閔校尉看了一眼手機上的時間,“我得迴去了。”


    “爸爸不能再陪我一會嗎?”


    看著念芷期待的眼神,容若還是狠心勸著,“爸爸不是擔心你,會陪你兩天嗎?爸爸還有自己的事情要處理,你讓他先迴去吧。”


    “好吧。”


    從醫務室出去,閔校尉迴了宿舍。


    被捆綁在床上的張顏,一點都沒有聽勸,用牙齒啃咬著手上的繩結,沒有把繩結啃開,反而纏的更緊了,她的手都被勒紅了償。


    看到她手上的紅印,閔校尉臉上薄怒,拉過她的手,“小乖,你什麽時候才能乖乖聽話?”


    張顏不說話,就是瞪著他。


    閔校尉把她手上的繩子解開,又仔細的看了一遍,還好隻是勒紅了,沒有破。


    把她的手解開之後,當解她腳上的繩子時,閔校尉先是看了一眼她身下東西有沒有溢出來。


    “小乖,後麵的兩個星期我暫時不會再碰你。兩個星期後如果還沒還上,那再繼續。”閔校尉抬手將她腳腕上的繩子解開,慢慢的將她的腿放下。


    看著她的眼睛,他繼而緩緩說著,“醫生已經請好了,大後天帶你去檢查。著兩天我要處理一些工作上的事情,還有抽出點時間陪念芷。”

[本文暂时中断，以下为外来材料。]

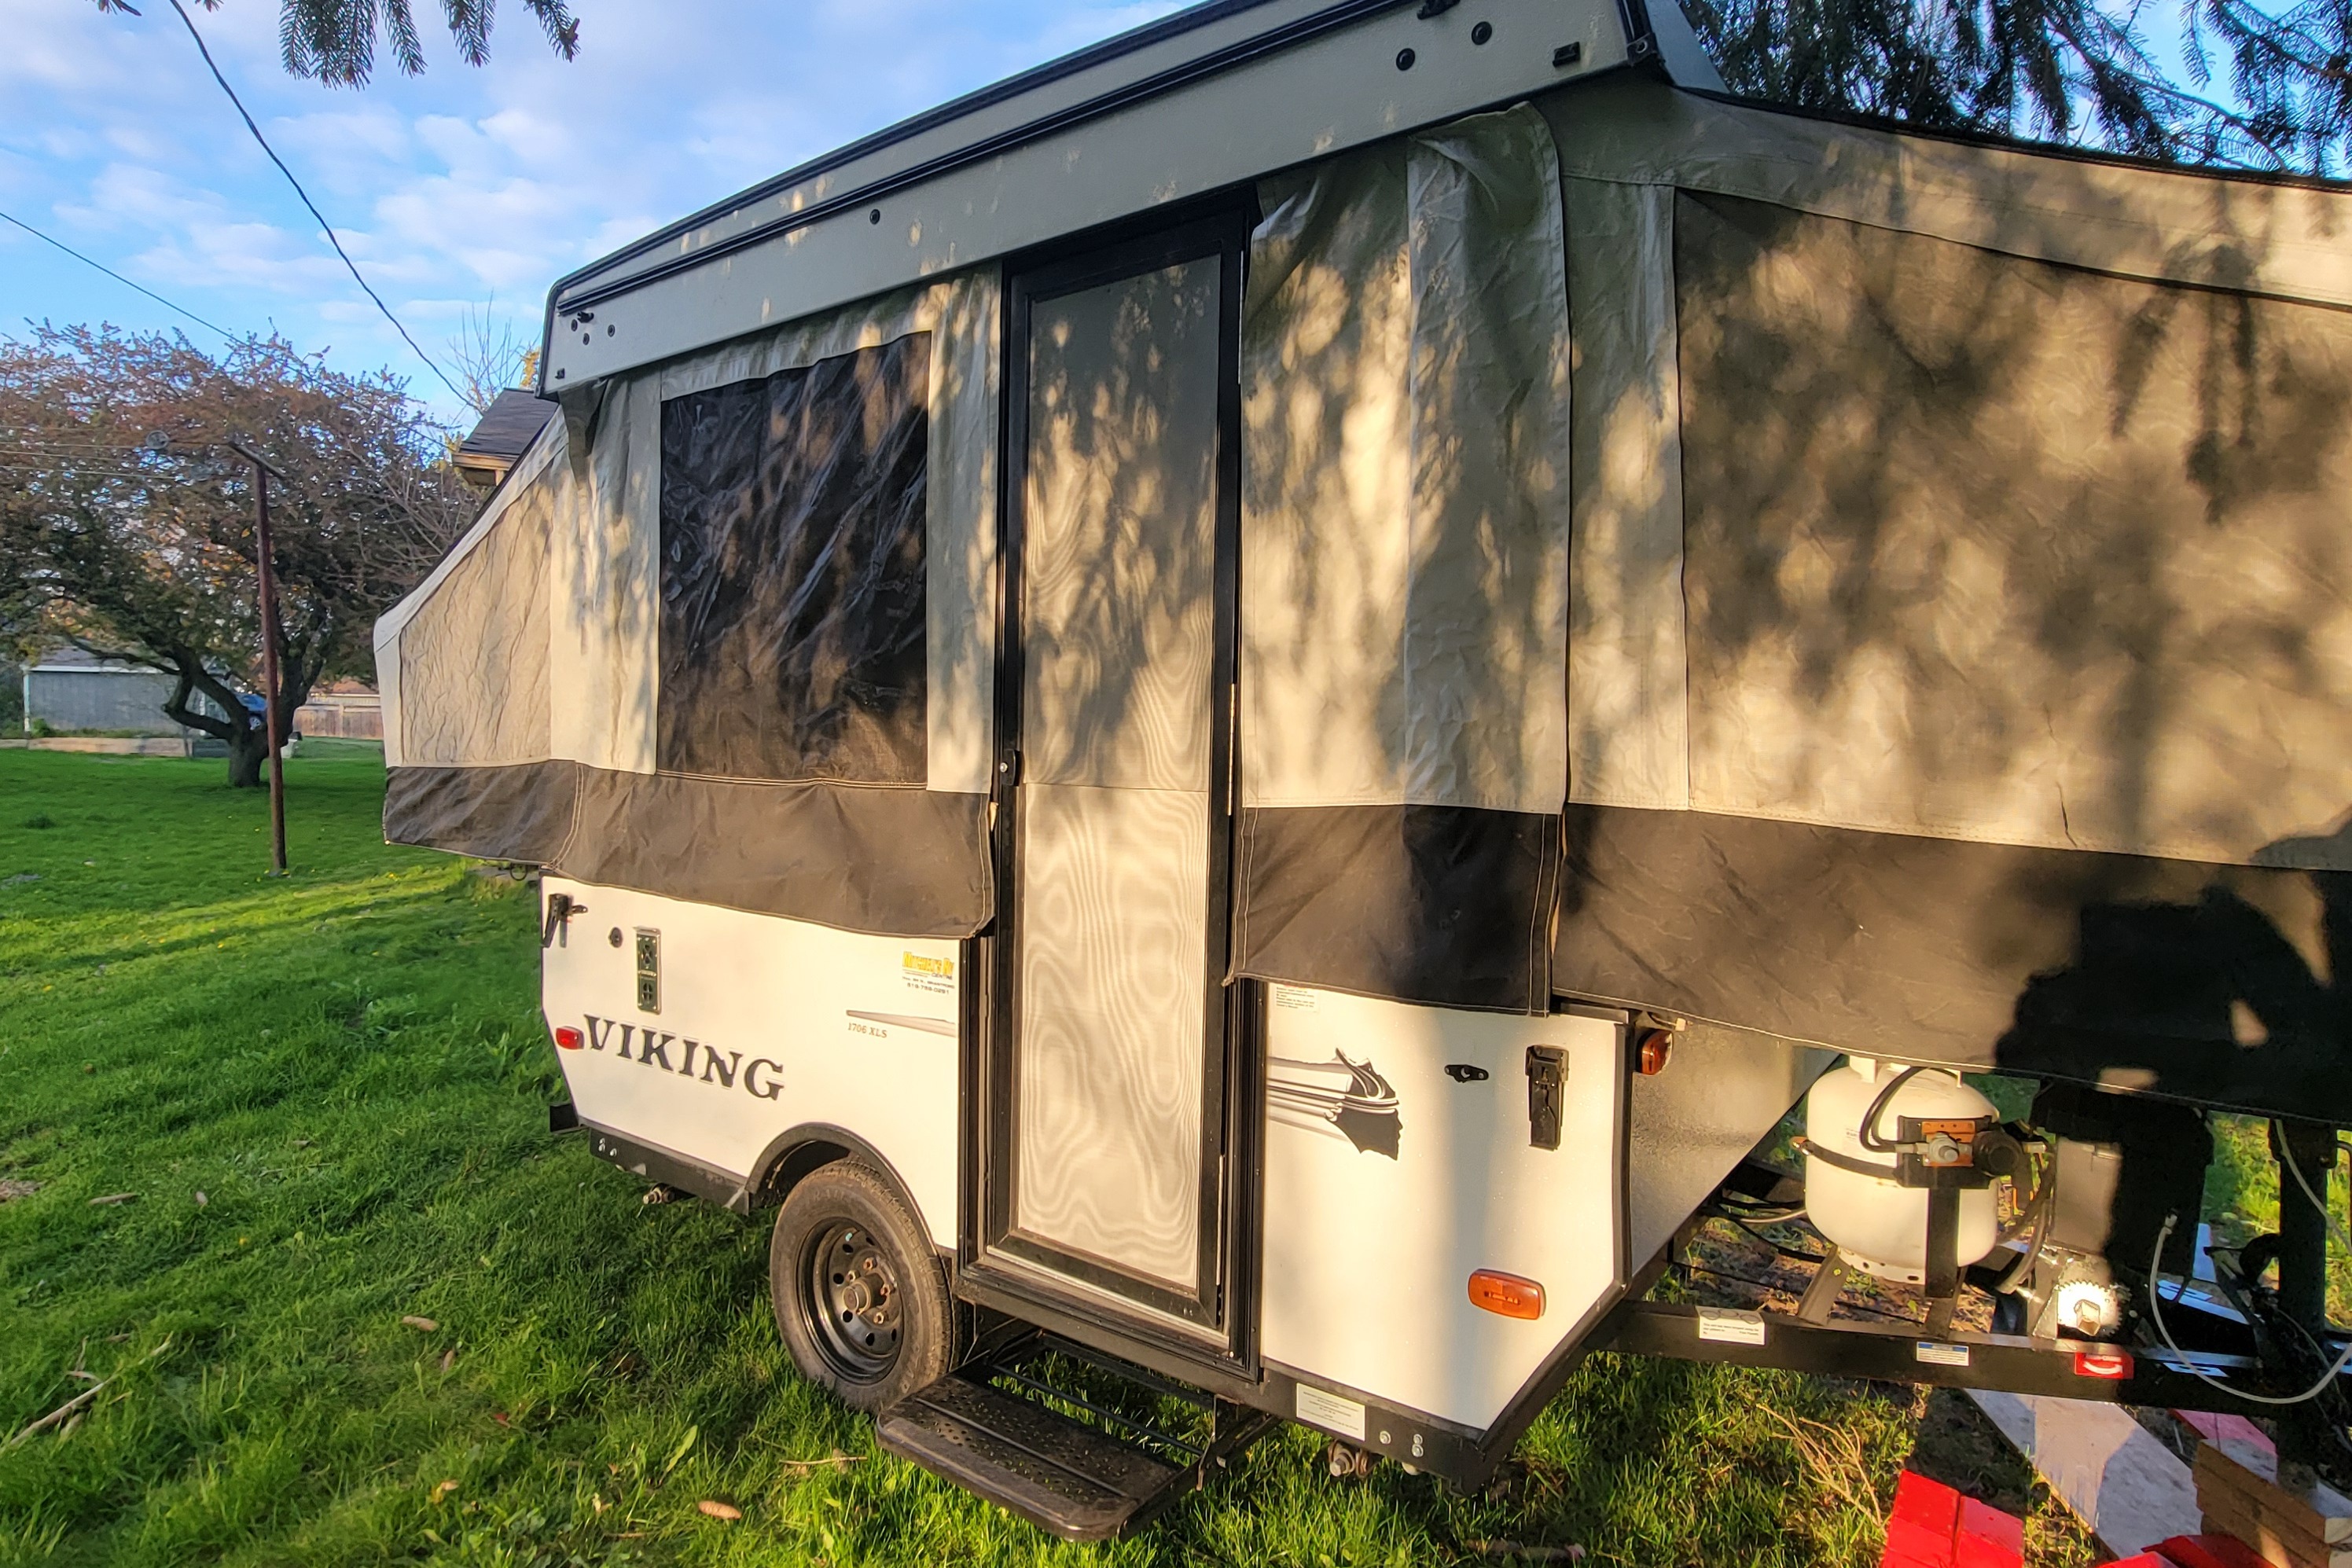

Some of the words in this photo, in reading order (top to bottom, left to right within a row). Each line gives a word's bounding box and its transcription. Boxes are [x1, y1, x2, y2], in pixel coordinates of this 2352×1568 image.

[848, 1022, 867, 1034] 1706
[869, 1026, 888, 1038] XLS
[584, 1014, 785, 1100] VIKING

    像是怕她會不高興,閔校尉又說著,“念芷偶爾才能見到我,她現在還不知道自己的真實身世,等她再大點,我再告訴她。”


    這話張顏聽在耳朵裏像是閔校尉在勸說她別把念芷的身世告訴念芷。


    她躲念芷都來不起,怎麽可能會去和念芷說話?


    房間裏雖然有兩個人,但和一個人沒什麽差別,就隻有閔校尉在說話。


    過了很長時間,張顏伸手去拿衣服。


    閔校尉幫她拿過衣服,替她穿上,“是想出去走走嗎?”


    “吃飯。”她惜字如金的說了兩個字。


    現在的確是到了吃飯的時間。


    一個星期不床,沒出去看過,醒來時她隻能睜眼看著房間內,估計沒人能忍受的了。


    閔校尉帶在張顏出門,對門的邱耀也剛好出來,閔校尉看了他一眼,“暫時不用你帶飯了。”

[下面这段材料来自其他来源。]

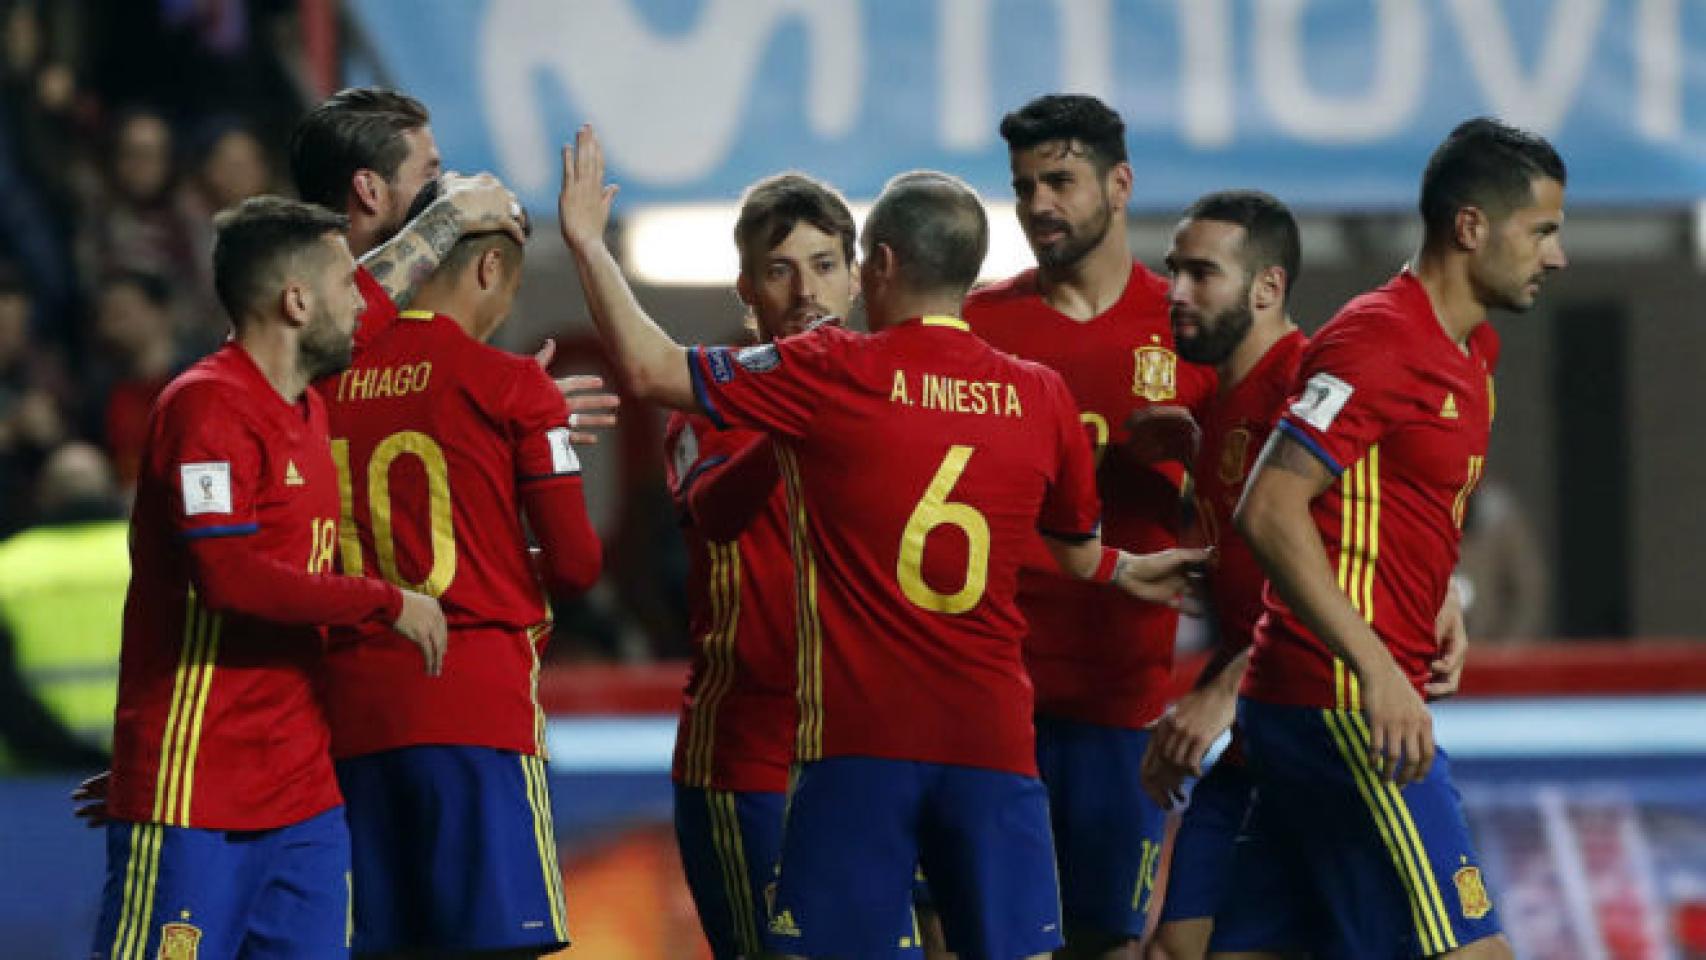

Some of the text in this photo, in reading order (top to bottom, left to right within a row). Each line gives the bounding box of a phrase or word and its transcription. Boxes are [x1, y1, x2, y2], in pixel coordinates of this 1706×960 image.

    下樓,到食堂裏,照例,張顏坐著,等閔校尉打飯迴來。


    已經打好飯菜的容若和念芷,正在找座位。


    轉身時,看到張顏,便邁步走向她。


    張顏的視線內進來兩個身影,容若和念芷,念芷唇泛白,整個人看上去沒什麽精神。容若則是一臉的擔心,擰著眉頭,跟在念芷身側。


    念芷把手上的托盤放下,坐在張顏的對麵,“小媽,你也來食堂裏吃飯啊,這幾天我都沒看到你人,還以為你不來食堂吃飯呢!”


    十三歲的孩子,‘喜’‘怒’都寫在臉上,很明顯她臉上寫在討厭張顏。


    “念芷,好好說話。”容若提醒道。


    念芷置若罔聞,眼神帶著輕蔑看著張顏,“我喊你一聲小媽,並不是我有多想喊你。隻是我喊你小媽,別人都會知道我是你丈夫的女兒,我媽媽,是你丈夫的前妻。所以別聽我叫你兩聲小媽,就真以為我承認你了。上次你打我媽的事,我記著呢!”


    “我希望我爸爸媽媽複合,我們一家三口能團圓。你就不要在夾在中間了,不要破壞我們一家三口的幸福。”


    她的口吻就好像是在斥責張顏是個第三者。


    張顏看向容若,“你也是這麽認為的?是我阻攔了你們一家三口的團聚?”


    按照閔校尉說的話,那麽他和容若就沒有過去,領證也是為了給孩子一個戶口,那麽容若就該有自知之明。


    容若一時凝噎,抿了抿唇角半響才開合,“事實上是這樣,如果你不出現。我喜歡閔校尉,我比任何人都需要閔校尉,念芷也需要爸爸,需要一個完整的家。”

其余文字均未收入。